§ **Task directions**
Every line below needs to be printed again exactly, without any of its pictures.

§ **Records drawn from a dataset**
[Start of Attachment]

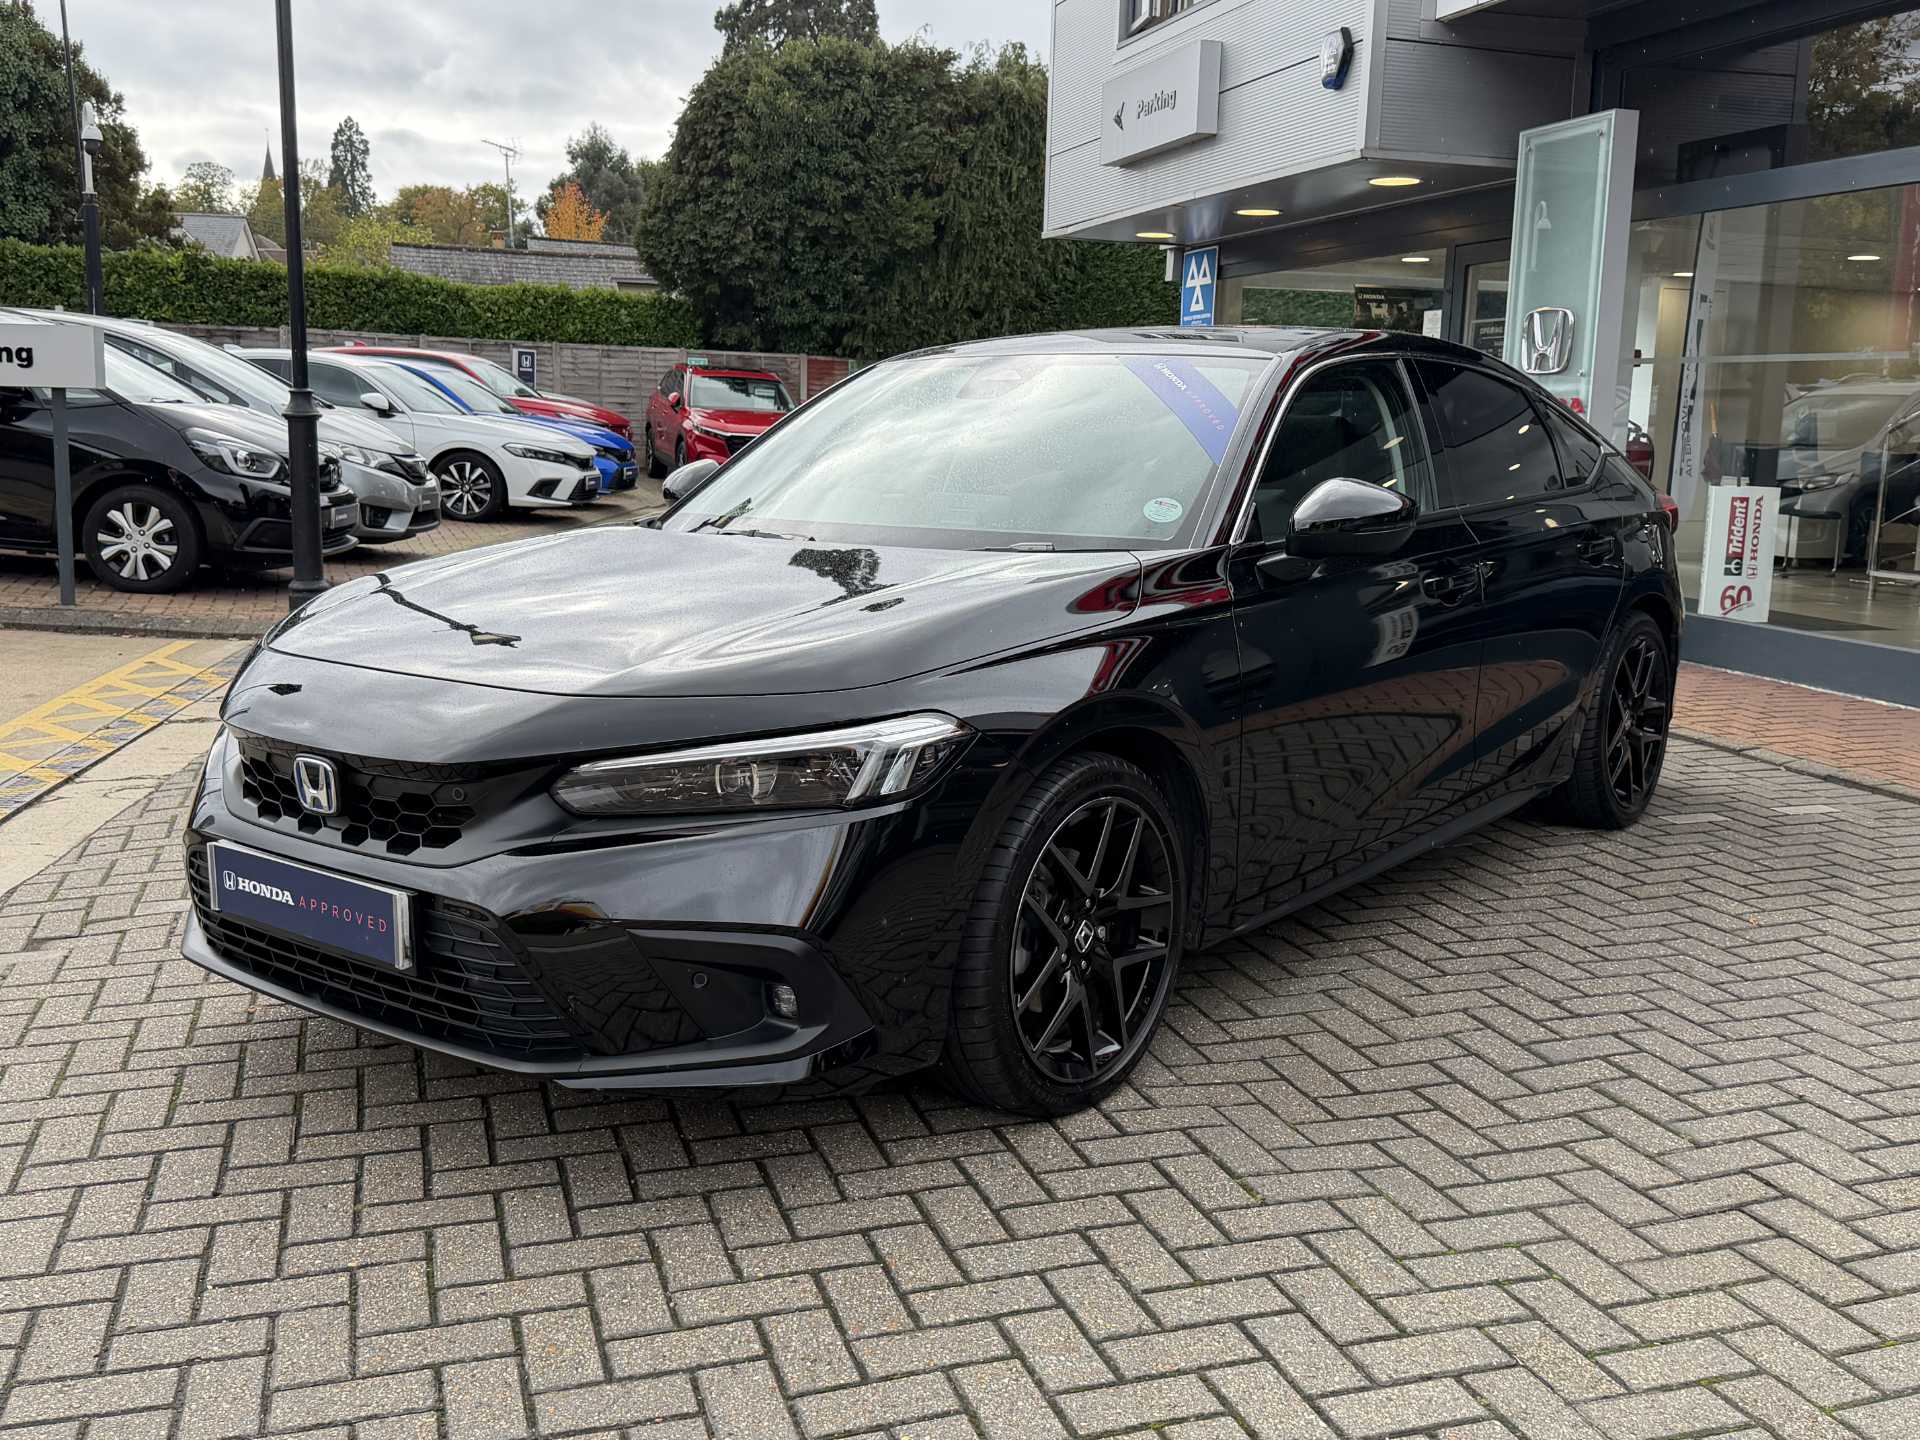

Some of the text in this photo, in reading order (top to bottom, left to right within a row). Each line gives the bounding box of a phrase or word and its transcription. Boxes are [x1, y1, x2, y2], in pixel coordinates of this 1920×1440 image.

[1137, 89, 1177, 120] Parking
[0, 346, 34, 369] ng
[1728, 499, 1747, 555] Trident
[1750, 495, 1764, 561] HONDA
[1720, 584, 1752, 614] 60
[237, 876, 387, 933] HONDA APPROVED

[End of Attachment]

§ **Output of the exercise**
Some of the text in this photo, in reading order (top to bottom, left to right within a row). Each line gives the bounding box of a phrase or word and its transcription. Boxes are [x1, y1, x2, y2], in pixel coordinates of this 1920×1440 image.

[1137, 89, 1177, 120] Parking
[0, 346, 34, 369] ng
[1728, 499, 1747, 555] Trident
[1750, 495, 1764, 561] HONDA
[1720, 584, 1752, 614] 60
[237, 876, 387, 933] HONDA APPROVED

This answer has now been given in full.